• _Exercise brief_
Below are entries to be transcribed exactly; exclude the pictures from the copy.

Saved data entries:
[Start of Attachment]

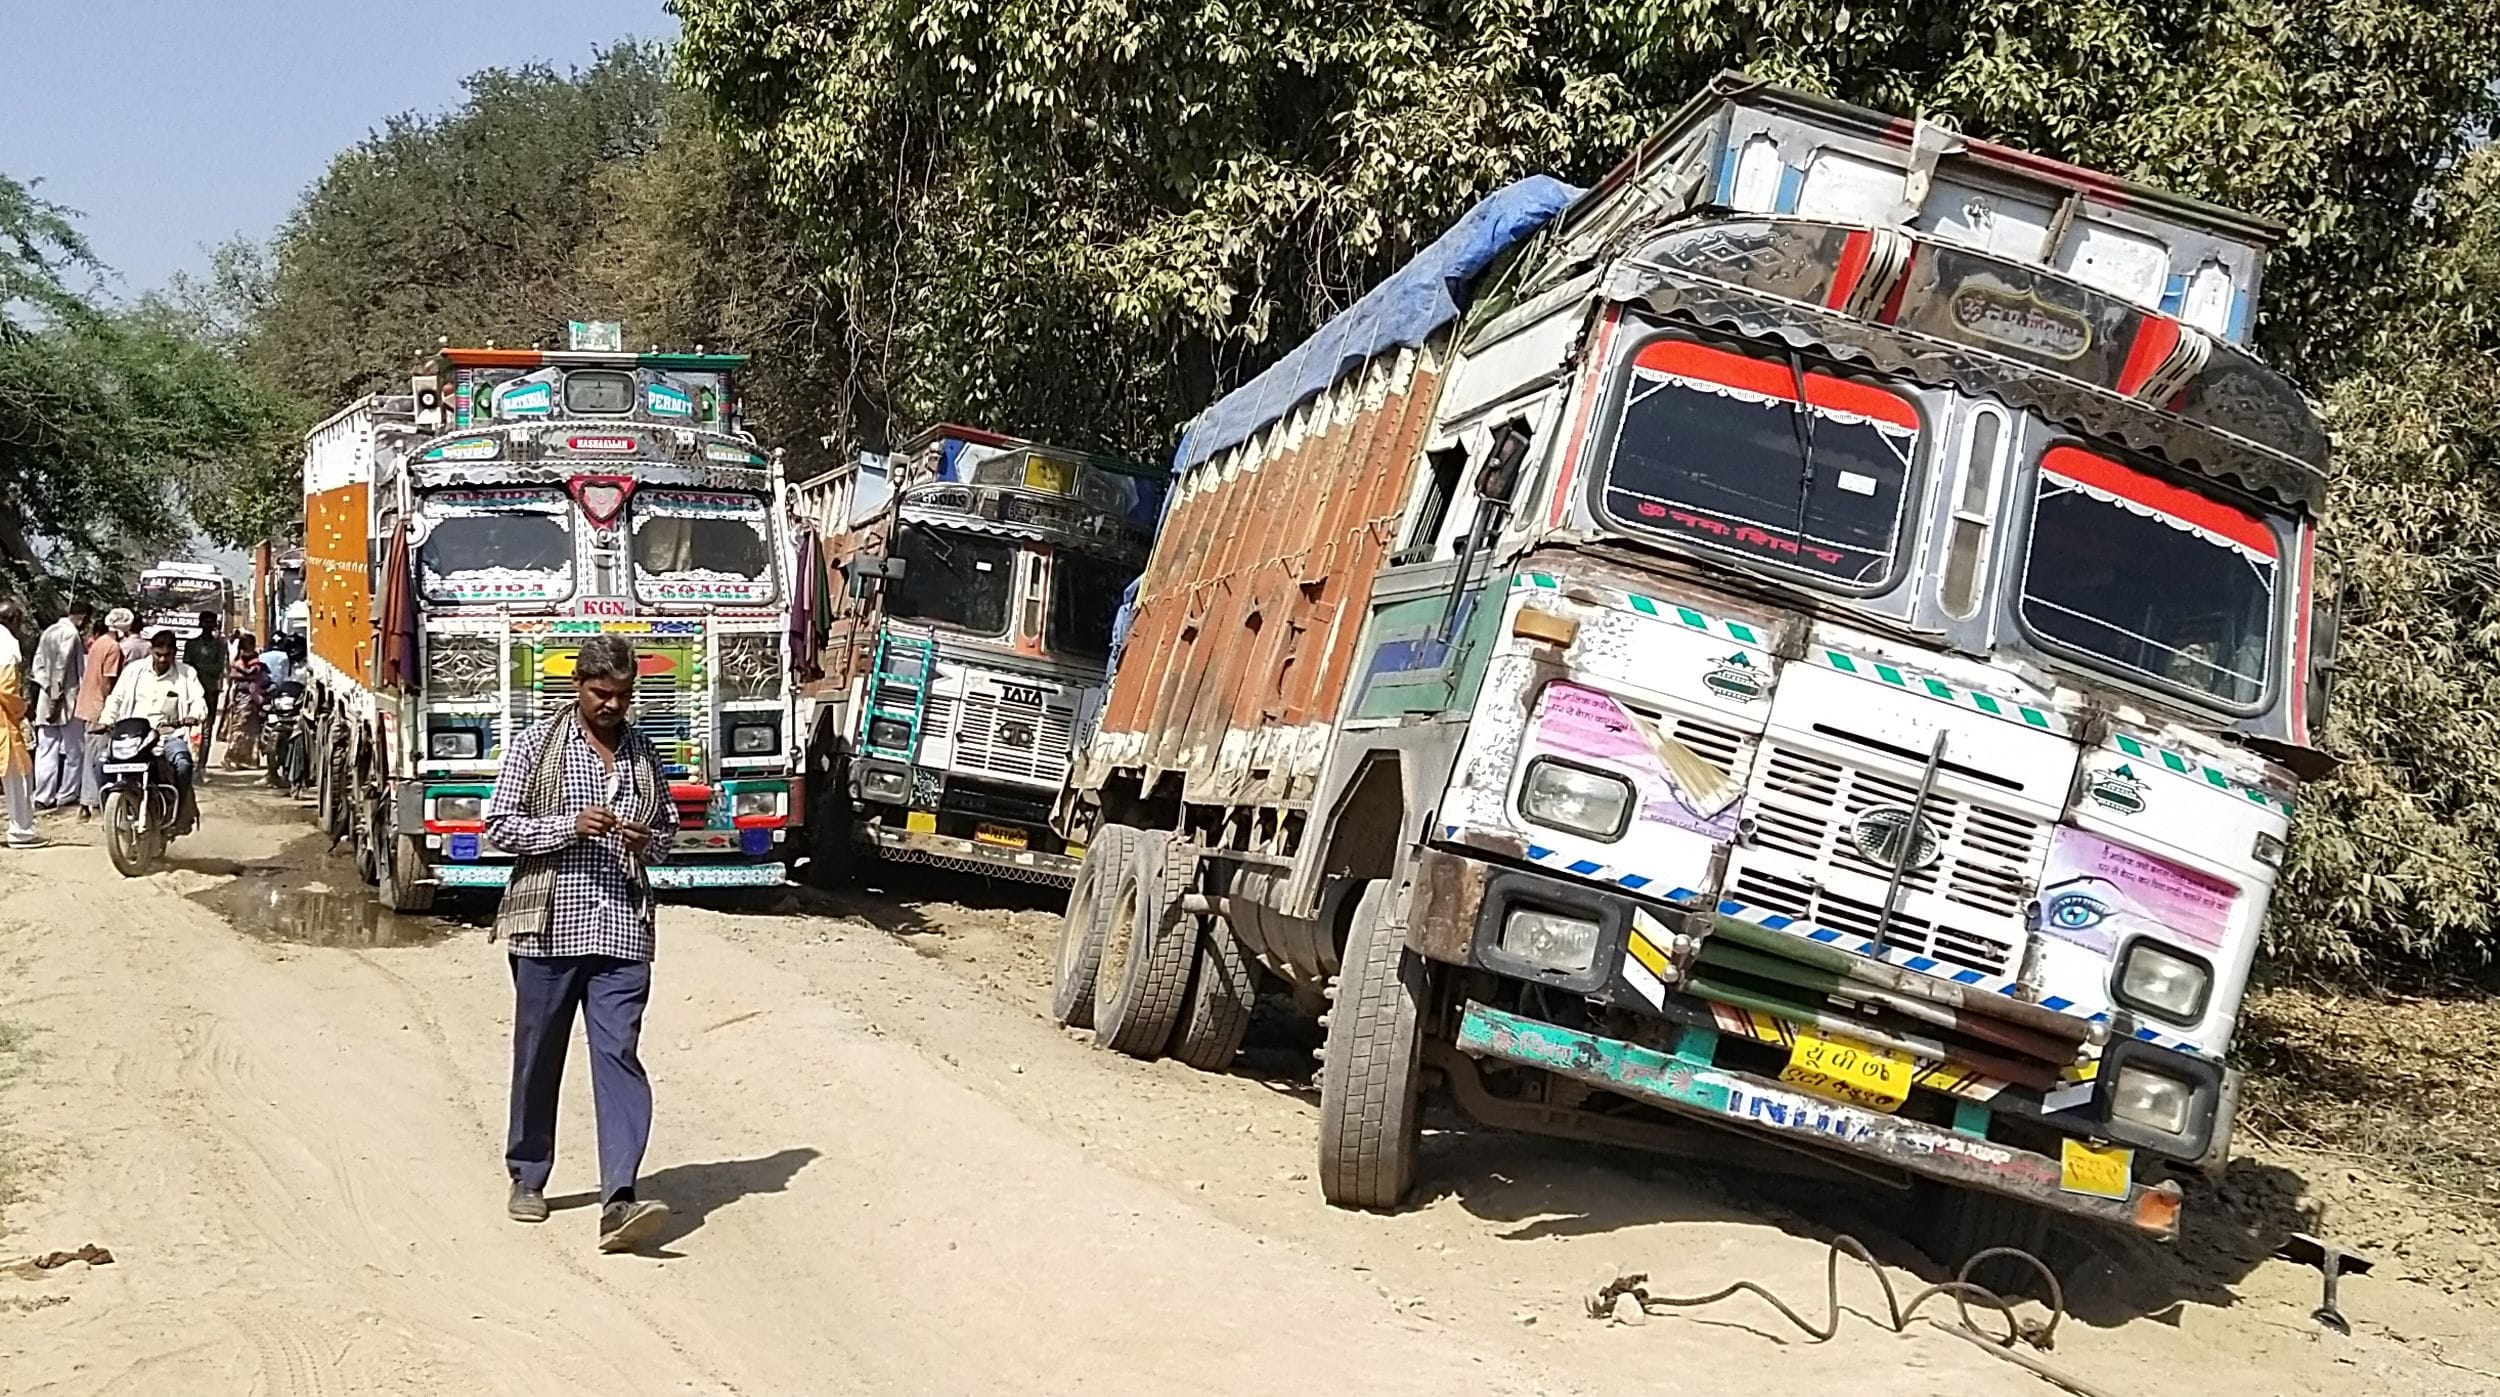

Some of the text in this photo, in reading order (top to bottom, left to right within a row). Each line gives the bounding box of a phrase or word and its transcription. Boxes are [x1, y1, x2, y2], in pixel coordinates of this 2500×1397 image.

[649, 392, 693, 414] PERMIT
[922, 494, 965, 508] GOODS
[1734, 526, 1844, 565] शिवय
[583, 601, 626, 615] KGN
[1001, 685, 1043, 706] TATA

[End of Attachment]

• _Output of the task_
Some of the text in this photo, in reading order (top to bottom, left to right within a row). Each line gives the bounding box of a phrase or word and its transcription. Boxes are [x1, y1, x2, y2], in pixel coordinates of this 2500×1397 image.

[649, 392, 693, 414] PERMIT
[922, 494, 965, 508] GOODS
[1734, 526, 1844, 565] शिवय
[583, 601, 626, 615] KGN
[1001, 685, 1043, 706] TATA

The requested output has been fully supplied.